**EXERCISE DATA:**

>>>>

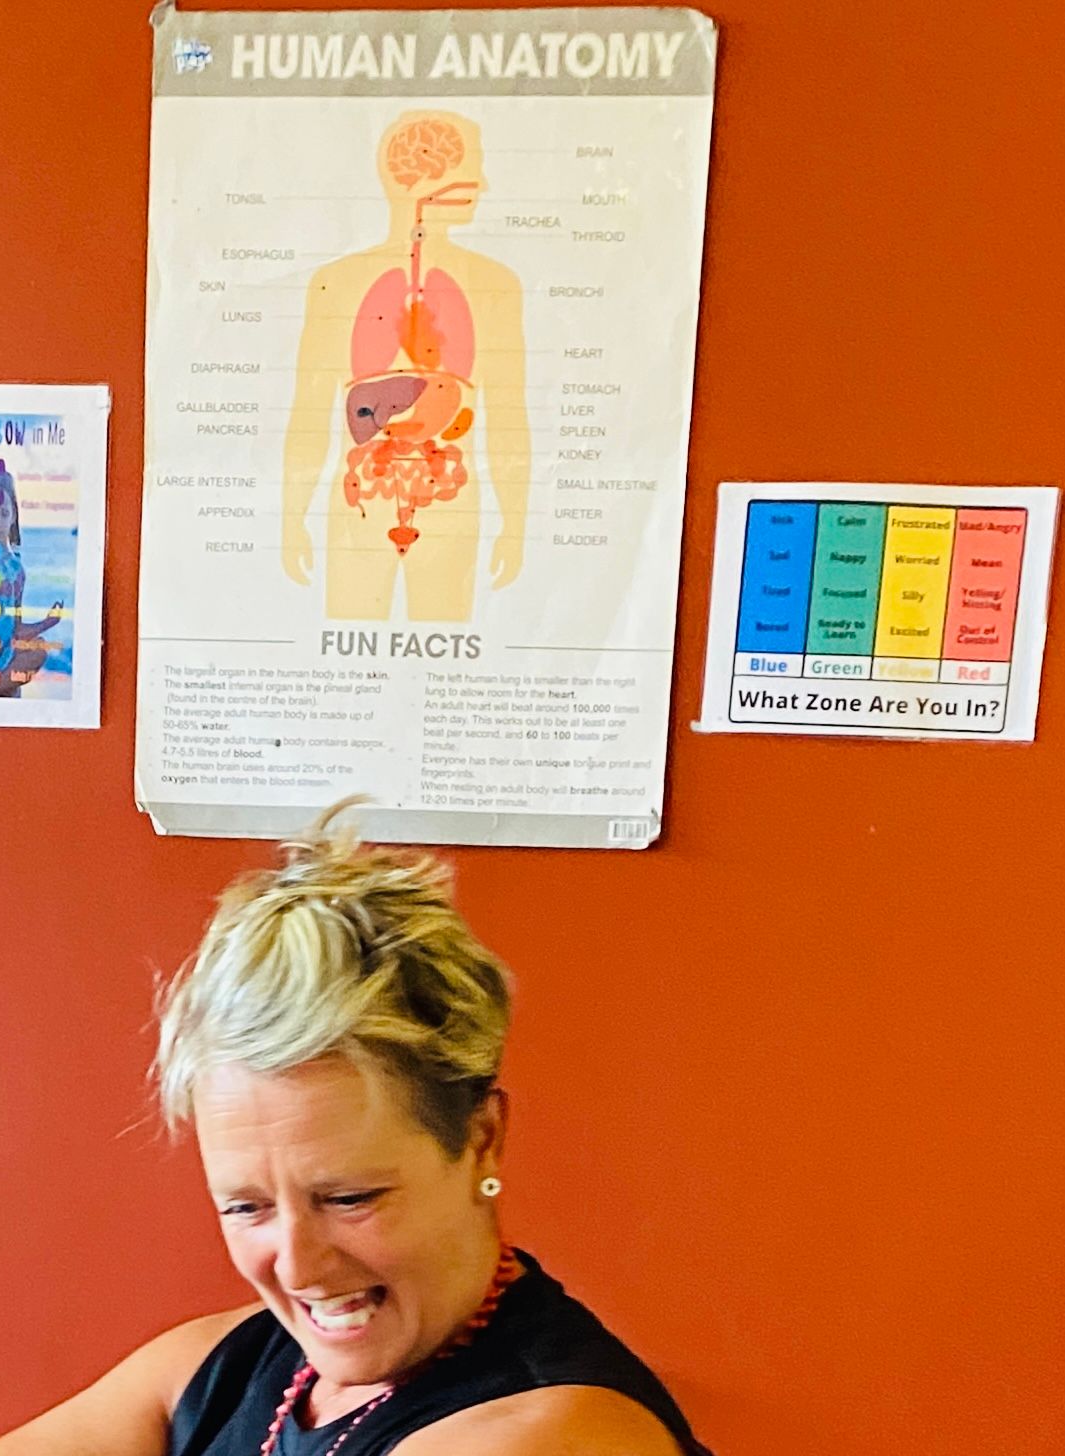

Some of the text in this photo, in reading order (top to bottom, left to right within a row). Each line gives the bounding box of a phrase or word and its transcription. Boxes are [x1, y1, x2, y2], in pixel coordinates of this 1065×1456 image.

[231, 33, 417, 79] HUMAN
[427, 31, 685, 79] ANATOMY
[576, 146, 614, 158] BRAIN
[225, 193, 266, 205] TONSIL
[582, 194, 626, 206] MOUTH
[505, 216, 561, 228] TRACHEA
[572, 231, 625, 242] THYROID
[222, 248, 295, 260] ESOPHAGUS
[199, 281, 226, 292] SKIN
[549, 286, 604, 297] BRONCHI
[222, 311, 262, 322] LUNGS
[564, 348, 603, 358] HEART
[191, 363, 260, 374] DIAPHRAGM
[562, 384, 621, 395] STOMACH
[176, 402, 259, 413] GALLBLADDER
[561, 405, 595, 416] LIVER
[33, 426, 44, 445] in
[48, 421, 66, 445] Me
[197, 425, 258, 435] PANCREAS
[560, 426, 606, 437] SPLEEN
[558, 450, 602, 460] KIDNEY
[157, 476, 256, 487] LARGE INTESTINE
[557, 479, 658, 491] SMALL INTESTINE
[198, 507, 255, 518] APPENDIX
[554, 508, 602, 519] URETER
[892, 518, 951, 530] Frustrated
[553, 535, 608, 546] BLADDER
[206, 542, 254, 552] RECTUM
[895, 555, 940, 566] Worried
[902, 590, 926, 603] Silly
[321, 630, 482, 660] FUN FACTS
[750, 657, 788, 672] Blue
[812, 660, 862, 675] Green
[878, 662, 934, 678] Yellow
[312, 669, 335, 680] body
[957, 666, 991, 681] Red
[548, 690, 577, 700] heart.
[738, 690, 1000, 717] What Zone Are You In?
[526, 730, 538, 739] 60
[554, 731, 571, 740] 100
[536, 759, 570, 768] unique
[161, 775, 198, 785] oxygen
[570, 786, 609, 795] breathe
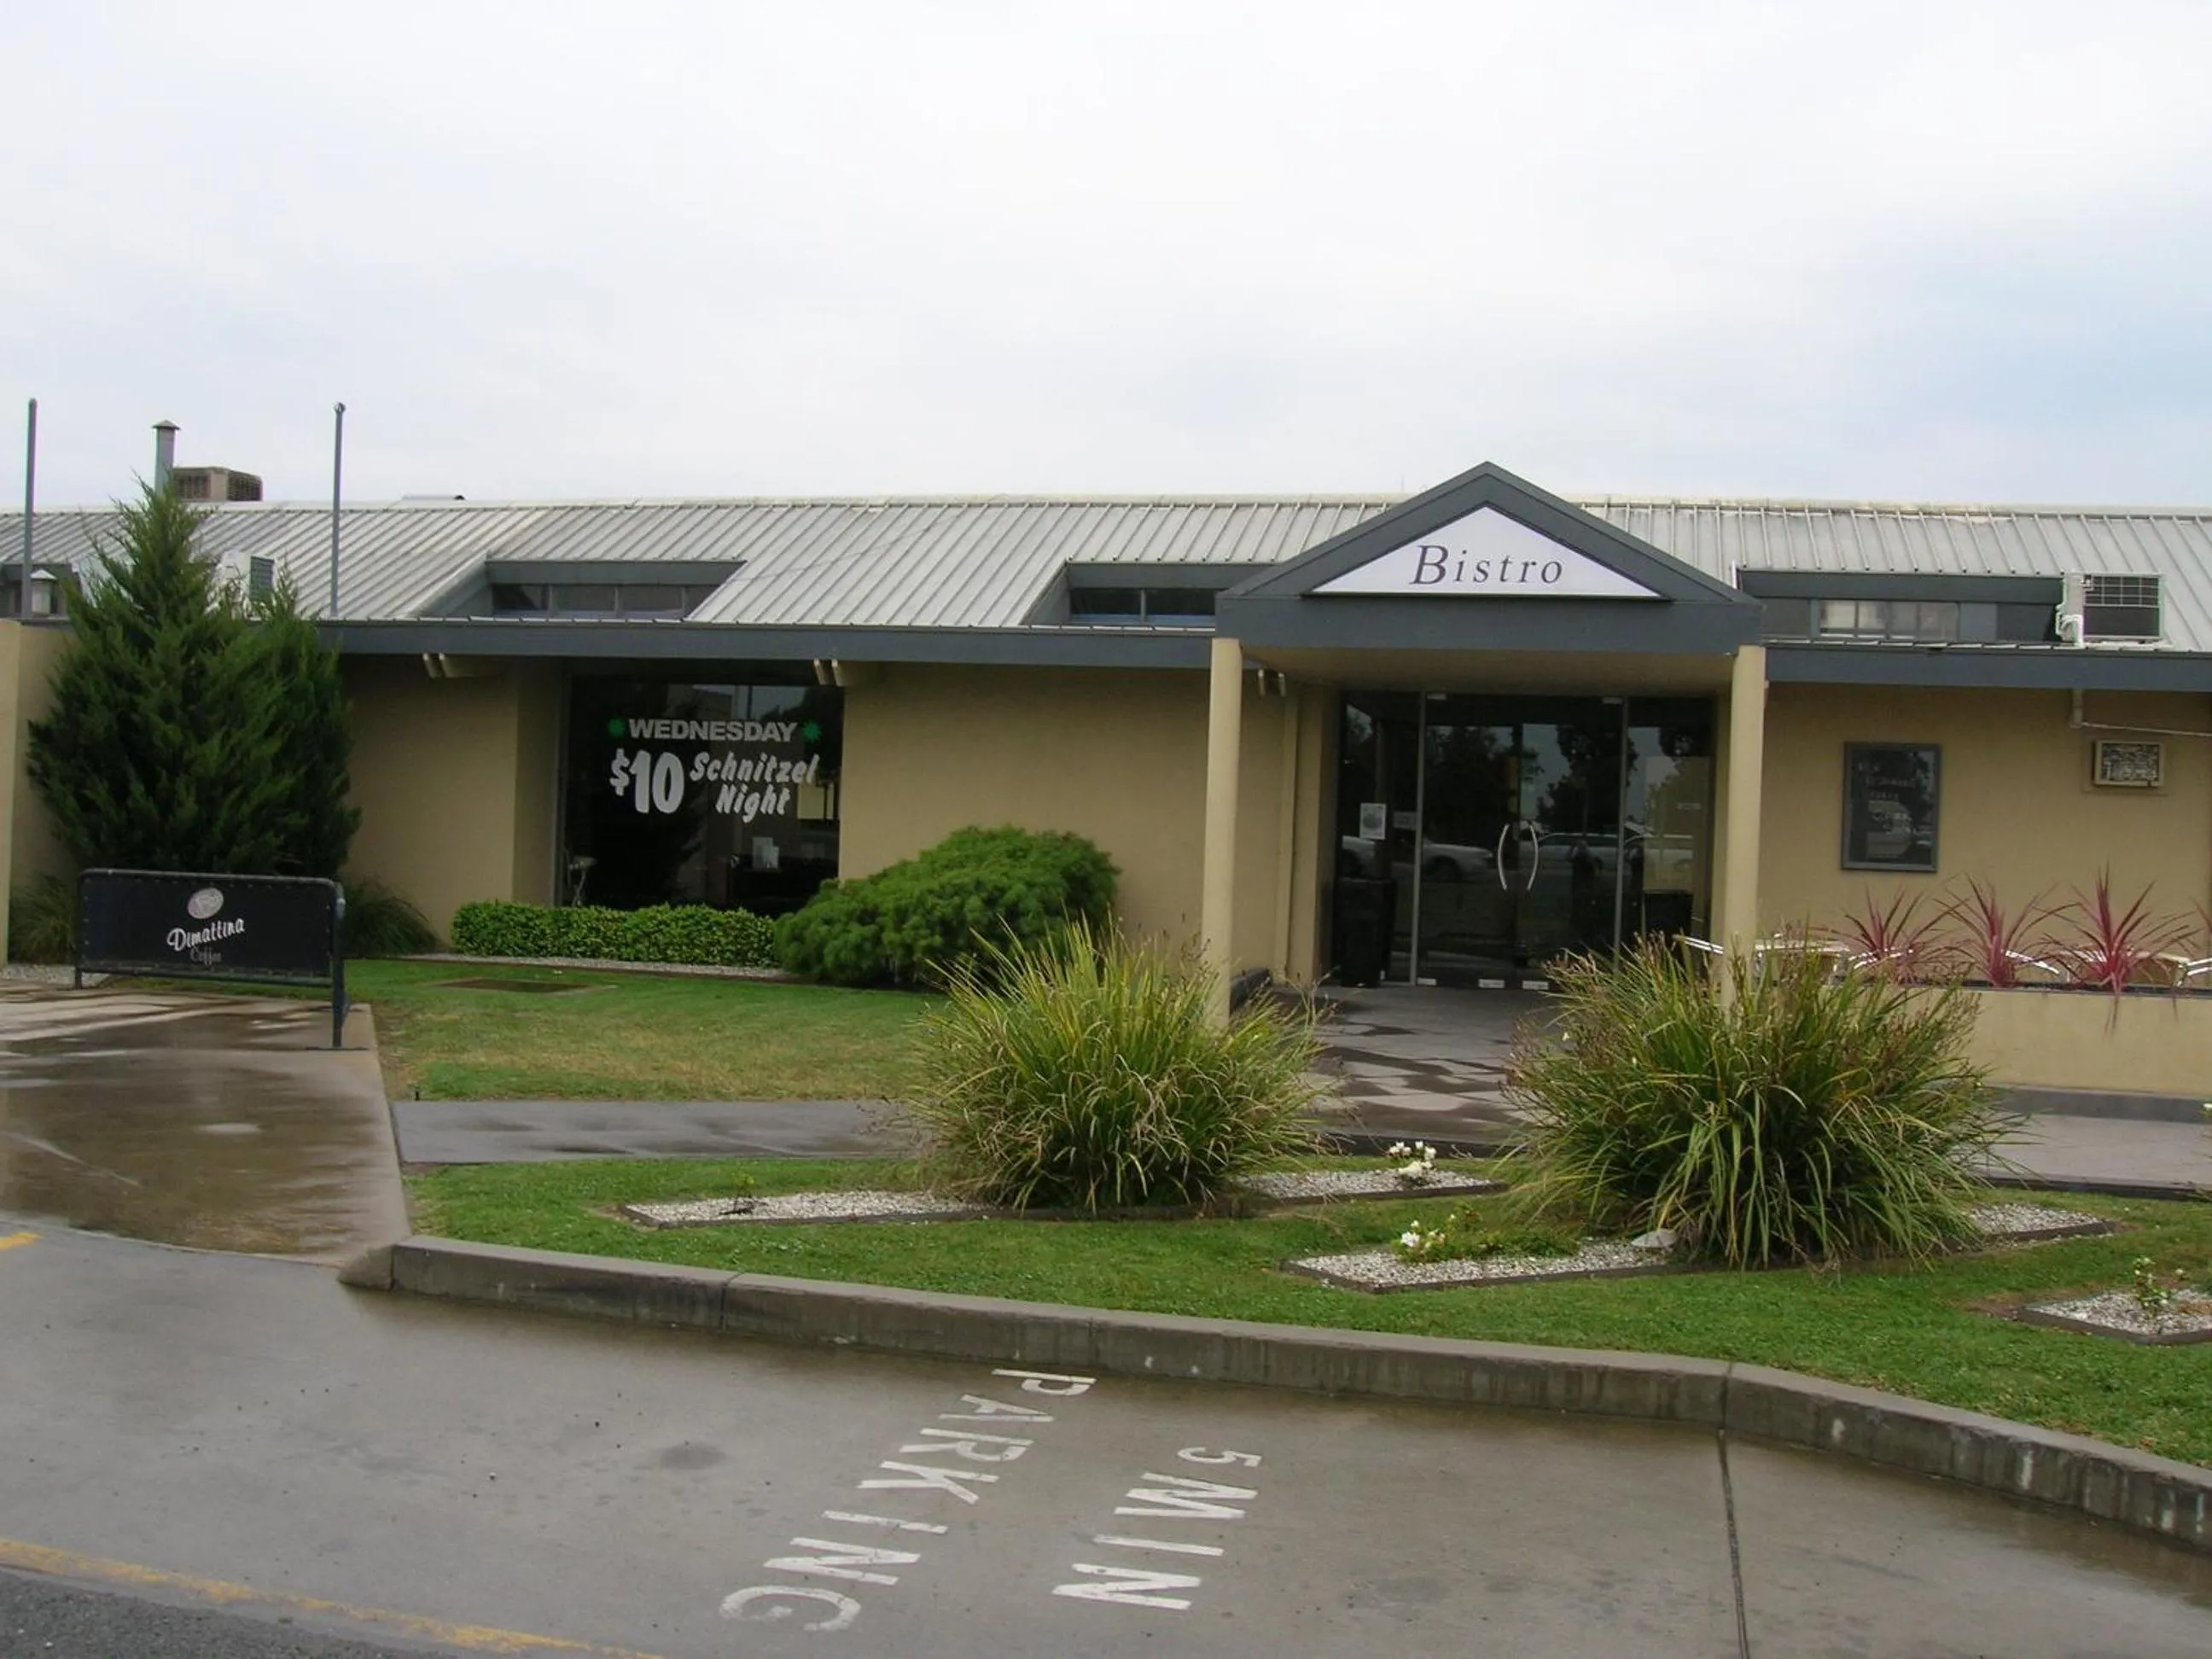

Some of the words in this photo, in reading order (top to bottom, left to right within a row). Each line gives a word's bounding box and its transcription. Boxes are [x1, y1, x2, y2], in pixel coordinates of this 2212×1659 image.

[1409, 544, 1563, 585] Bistro
[628, 719, 798, 742] WEDNESDAY
[609, 748, 684, 813] $10
[690, 751, 819, 783] Schnitzel
[716, 784, 791, 824] Night
[166, 918, 246, 952] Dimattina
[1176, 1446, 1262, 1468] 5
[719, 1367, 1097, 1632] PARKING
[1051, 1471, 1259, 1611] MIN

<<<<

**TO DO:**
When you copy the listing above, reproduce every line exactly and skip the images.

**RESULT BELOW:**
Some of the text in this photo, in reading order (top to bottom, left to right within a row). Each line gives the bounding box of a phrase or word and its transcription. Boxes are [x1, y1, x2, y2], in pixel coordinates of this 1065×1456 image.

[231, 33, 417, 79] HUMAN
[427, 31, 685, 79] ANATOMY
[576, 146, 614, 158] BRAIN
[225, 193, 266, 205] TONSIL
[582, 194, 626, 206] MOUTH
[505, 216, 561, 228] TRACHEA
[572, 231, 625, 242] THYROID
[222, 248, 295, 260] ESOPHAGUS
[199, 281, 226, 292] SKIN
[549, 286, 604, 297] BRONCHI
[222, 311, 262, 322] LUNGS
[564, 348, 603, 358] HEART
[191, 363, 260, 374] DIAPHRAGM
[562, 384, 621, 395] STOMACH
[176, 402, 259, 413] GALLBLADDER
[561, 405, 595, 416] LIVER
[33, 426, 44, 445] in
[48, 421, 66, 445] Me
[197, 425, 258, 435] PANCREAS
[560, 426, 606, 437] SPLEEN
[558, 450, 602, 460] KIDNEY
[157, 476, 256, 487] LARGE INTESTINE
[557, 479, 658, 491] SMALL INTESTINE
[198, 507, 255, 518] APPENDIX
[554, 508, 602, 519] URETER
[892, 518, 951, 530] Frustrated
[553, 535, 608, 546] BLADDER
[206, 542, 254, 552] RECTUM
[895, 555, 940, 566] Worried
[902, 590, 926, 603] Silly
[321, 630, 482, 660] FUN FACTS
[750, 657, 788, 672] Blue
[812, 660, 862, 675] Green
[878, 662, 934, 678] Yellow
[312, 669, 335, 680] body
[957, 666, 991, 681] Red
[548, 690, 577, 700] heart.
[738, 690, 1000, 717] What Zone Are You In?
[526, 730, 538, 739] 60
[554, 731, 571, 740] 100
[536, 759, 570, 768] unique
[161, 775, 198, 785] oxygen
[570, 786, 609, 795] breathe

Some of the words in this photo, in reading order (top to bottom, left to right within a row). Each line gives a word's bounding box and its transcription. Boxes are [x1, y1, x2, y2], in pixel coordinates of this 2212×1659 image.

[1409, 544, 1563, 585] Bistro
[628, 719, 798, 742] WEDNESDAY
[609, 748, 684, 813] $10
[690, 751, 819, 783] Schnitzel
[716, 784, 791, 824] Night
[166, 918, 246, 952] Dimattina
[1176, 1446, 1262, 1468] 5
[719, 1367, 1097, 1632] PARKING
[1051, 1471, 1259, 1611] MIN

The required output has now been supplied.